• _Directions for this task_
Copy every record verbatim. Leave the pictures out.

Phrase grounding data
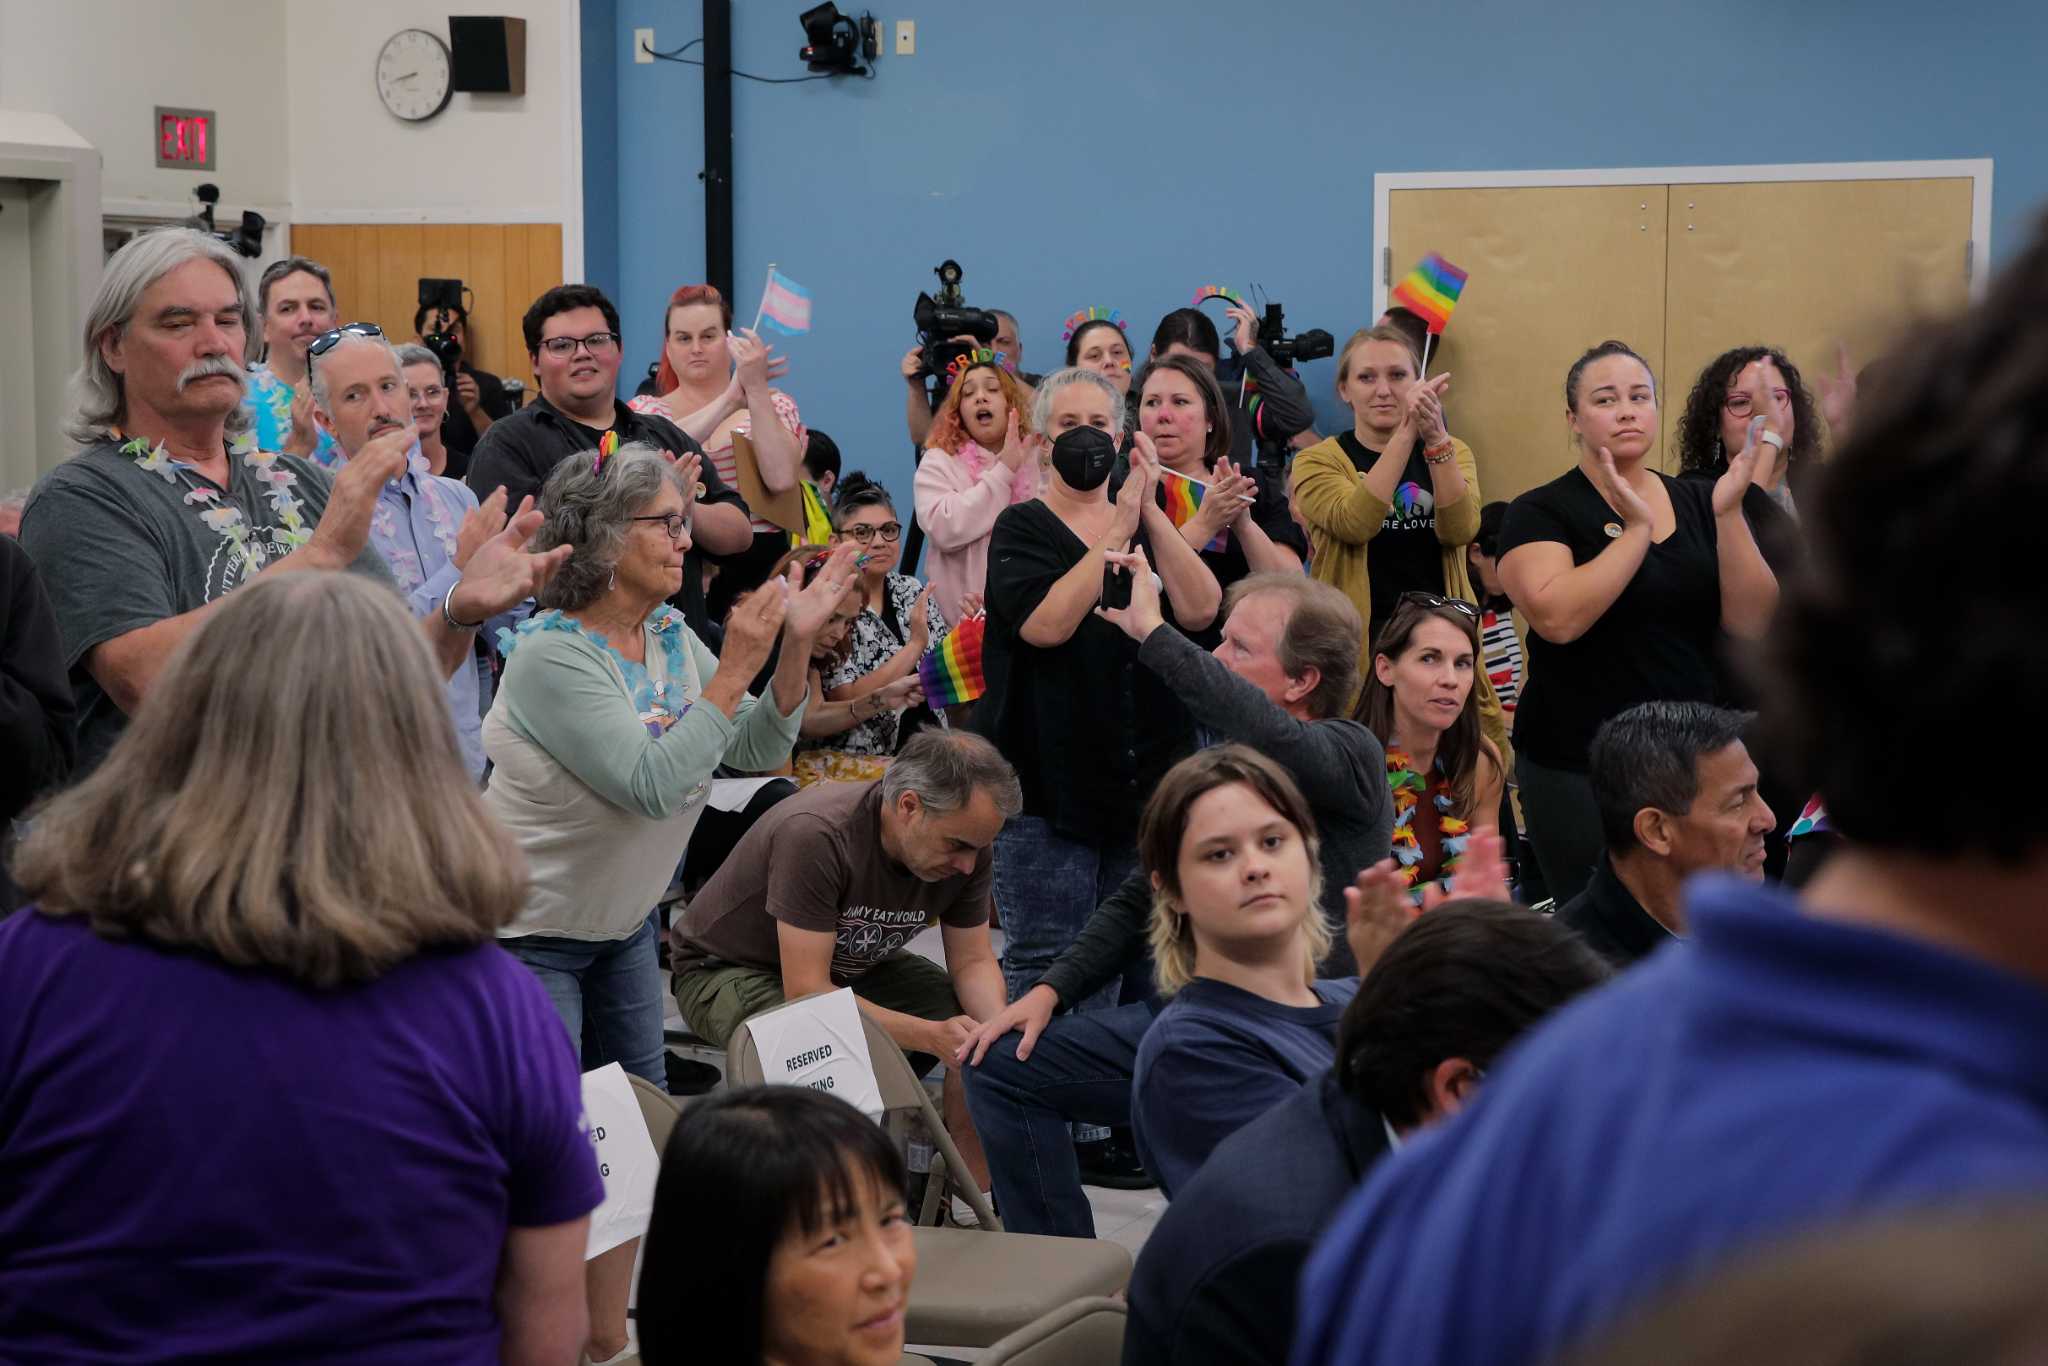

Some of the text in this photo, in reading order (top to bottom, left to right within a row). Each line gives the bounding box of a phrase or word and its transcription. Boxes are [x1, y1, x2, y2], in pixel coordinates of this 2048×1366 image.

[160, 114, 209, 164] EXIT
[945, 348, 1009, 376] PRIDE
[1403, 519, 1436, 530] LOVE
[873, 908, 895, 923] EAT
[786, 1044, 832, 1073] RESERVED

• _Result of the task_
Some of the text in this photo, in reading order (top to bottom, left to right within a row). Each line gives the bounding box of a phrase or word and its transcription. Boxes are [x1, y1, x2, y2], in pixel coordinates of this 2048×1366 image.

[160, 114, 209, 164] EXIT
[945, 348, 1009, 376] PRIDE
[1403, 519, 1436, 530] LOVE
[873, 908, 895, 923] EAT
[786, 1044, 832, 1073] RESERVED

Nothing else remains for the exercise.